## Problem to solve
Every line of the data below should be repeated exactly, and no picture should be copied.
»»
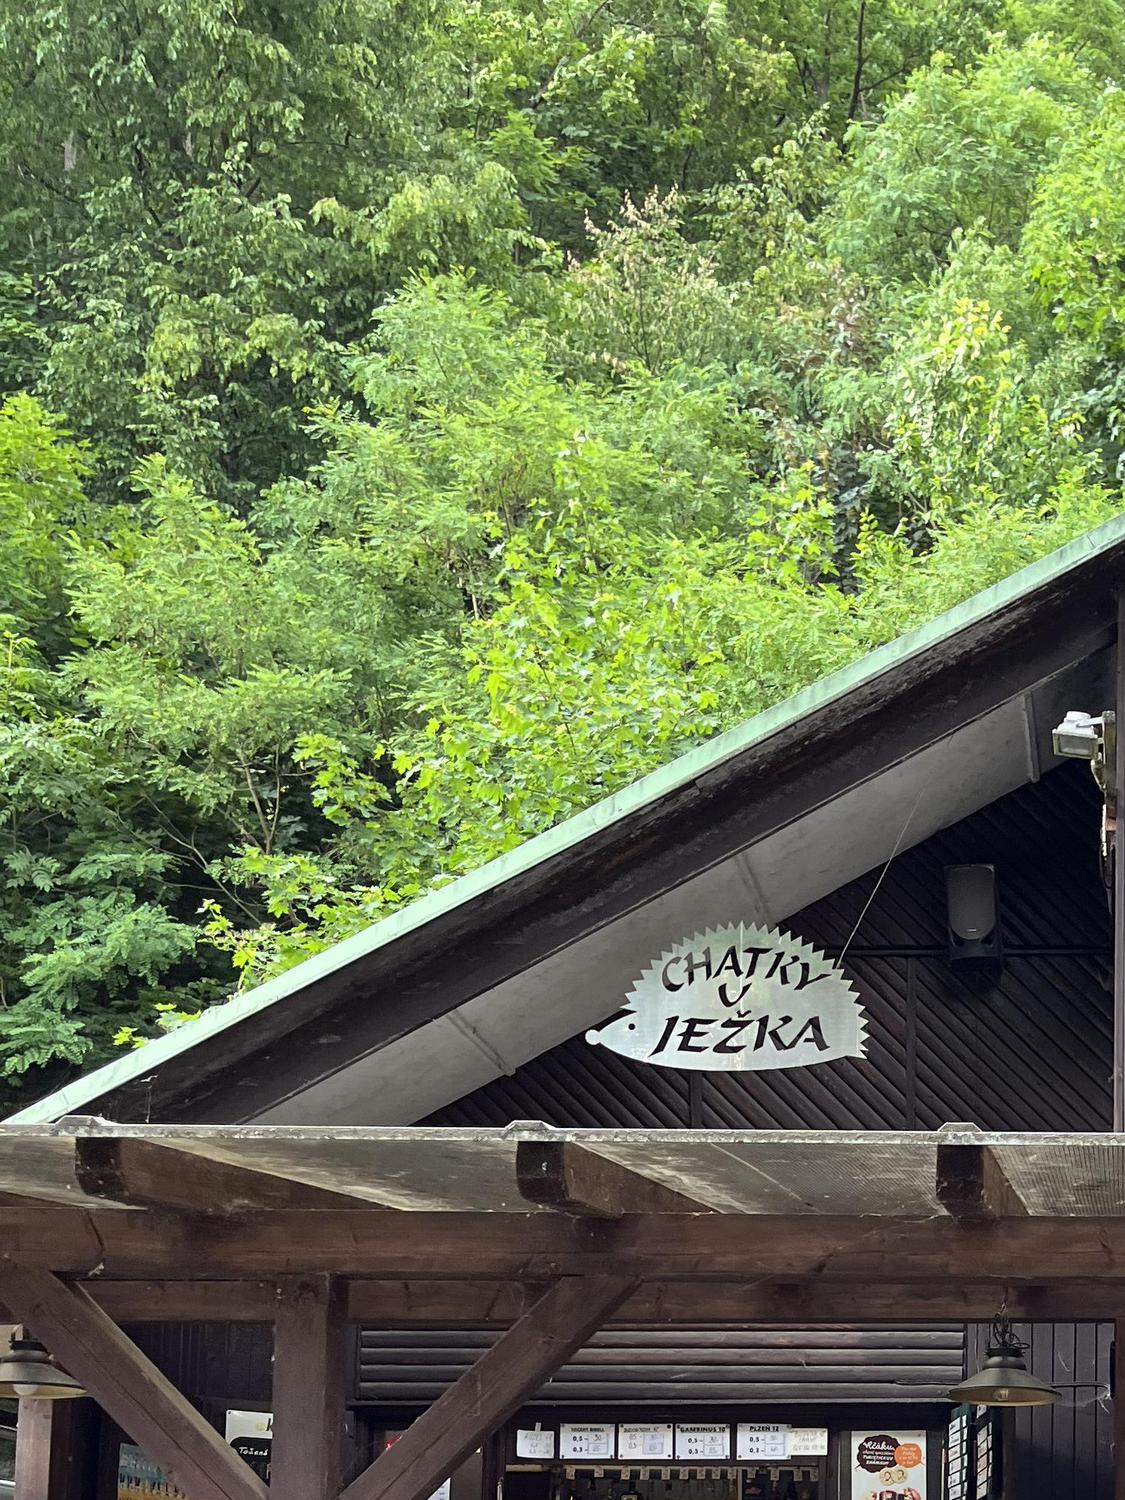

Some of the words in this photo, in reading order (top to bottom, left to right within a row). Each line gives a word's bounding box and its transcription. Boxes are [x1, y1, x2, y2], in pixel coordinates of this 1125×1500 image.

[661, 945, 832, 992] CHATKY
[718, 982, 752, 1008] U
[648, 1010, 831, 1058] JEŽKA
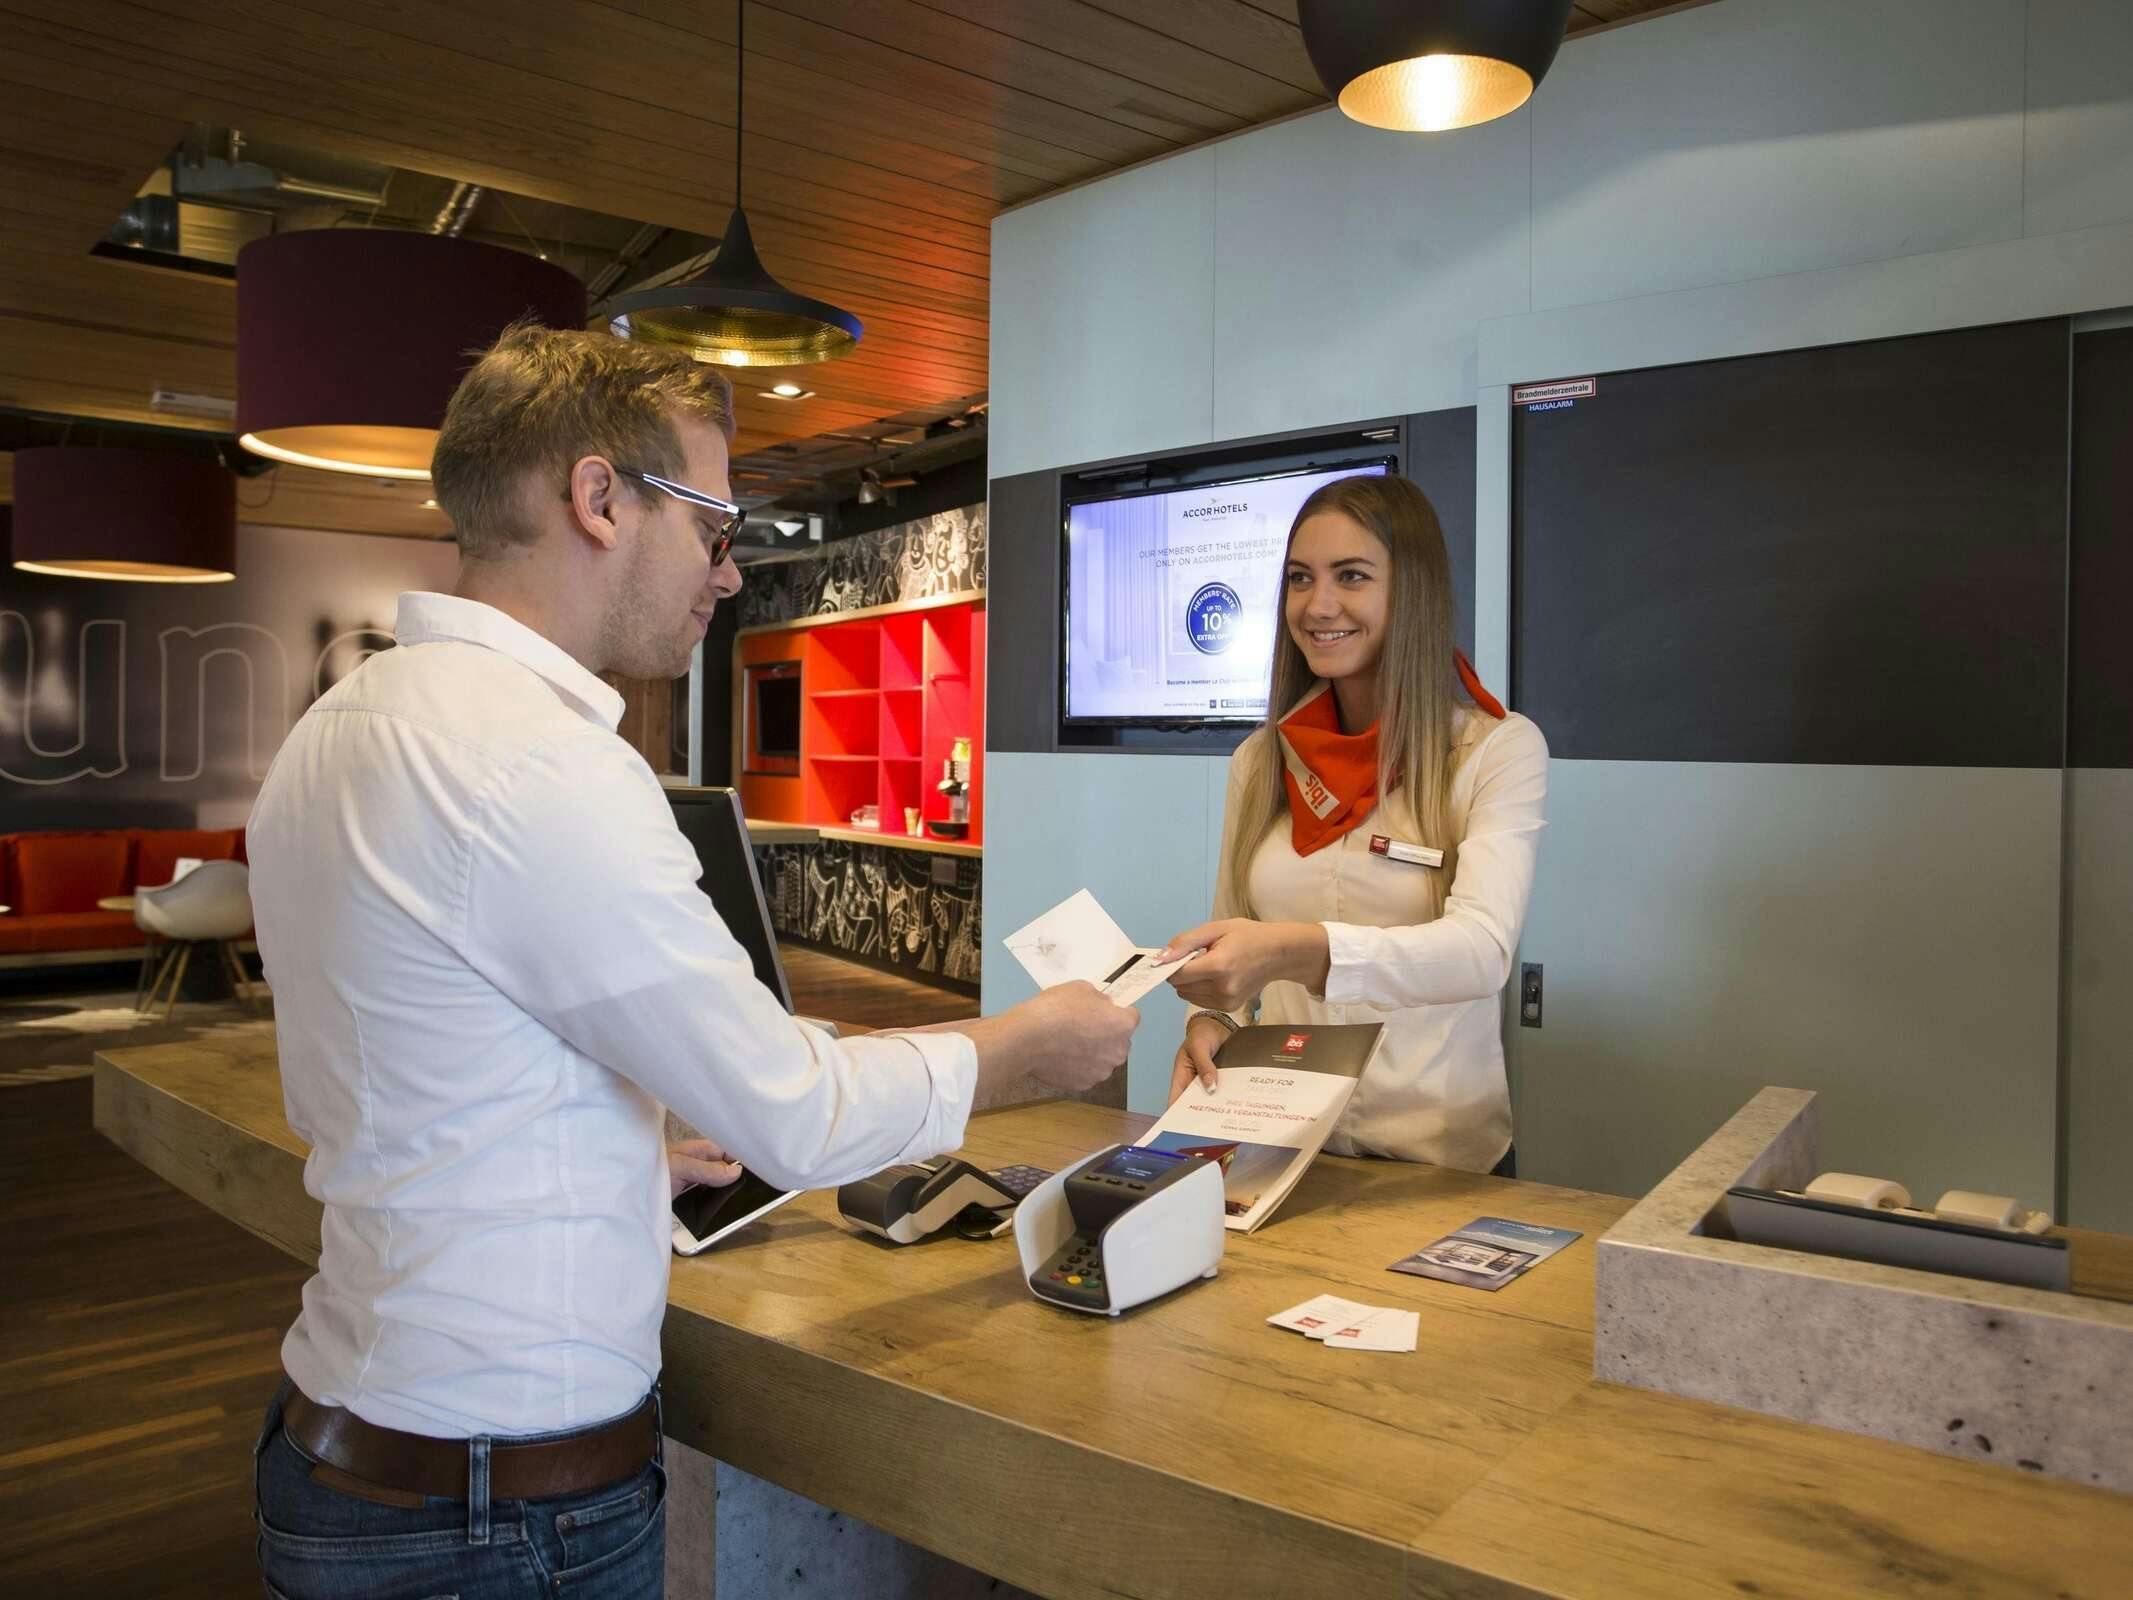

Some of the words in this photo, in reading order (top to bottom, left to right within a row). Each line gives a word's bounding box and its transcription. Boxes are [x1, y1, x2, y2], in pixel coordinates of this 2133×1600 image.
««
## Your response
Some of the words in this photo, in reading order (top to bottom, left to right within a row). Each line gives a word's bounding box and its transcription. Boxes are [x1, y1, x2, y2], in pixel coordinates of this 1125×1500 image.

[661, 945, 832, 992] CHATKY
[718, 982, 752, 1008] U
[648, 1010, 831, 1058] JEŽKA

Some of the words in this photo, in reading order (top to bottom, left to right within a row). Each line gives a word's bounding box and its transcription. Boxes are [x1, y1, x2, y2], in pixel coordinates of this 2133×1600 image.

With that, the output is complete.